What you should do: Copy the listing exactly, images excluded.

Input data:
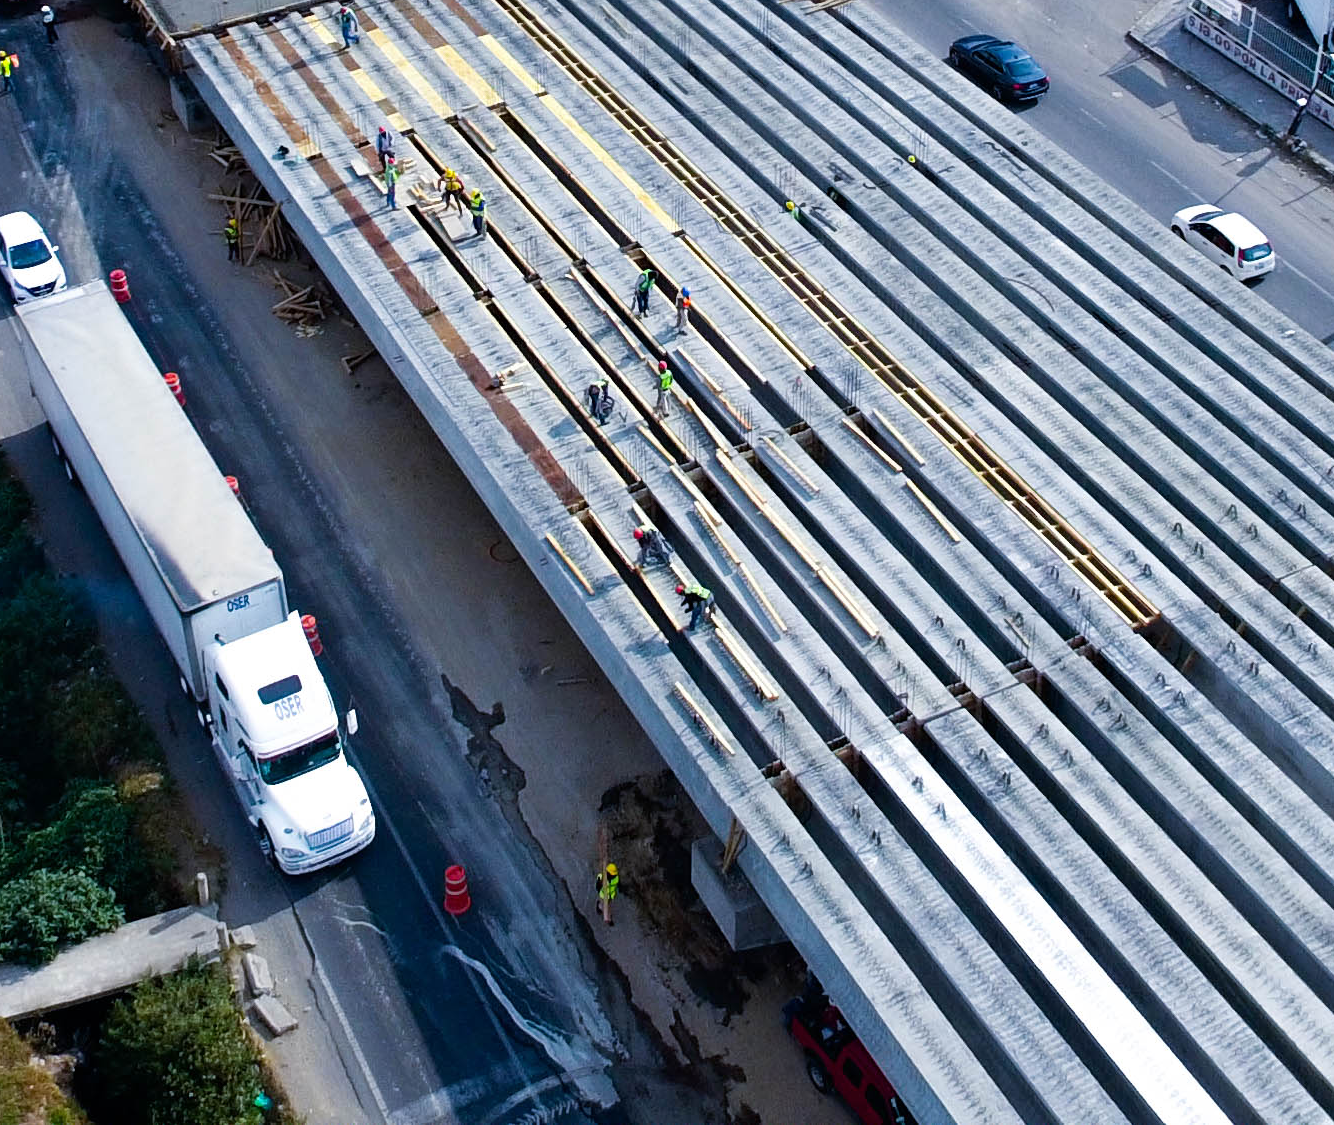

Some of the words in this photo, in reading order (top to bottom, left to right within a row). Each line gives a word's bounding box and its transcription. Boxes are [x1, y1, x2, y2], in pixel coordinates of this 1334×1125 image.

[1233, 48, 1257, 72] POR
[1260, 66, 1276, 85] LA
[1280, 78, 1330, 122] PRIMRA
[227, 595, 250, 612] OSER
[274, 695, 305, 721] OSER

Result of this exercise:
Some of the words in this photo, in reading order (top to bottom, left to right within a row). Each line gives a word's bounding box and its transcription. Boxes are [x1, y1, x2, y2], in pixel coordinates of this 1334×1125 image.

[1233, 48, 1257, 72] POR
[1260, 66, 1276, 85] LA
[1280, 78, 1330, 122] PRIMRA
[227, 595, 250, 612] OSER
[274, 695, 305, 721] OSER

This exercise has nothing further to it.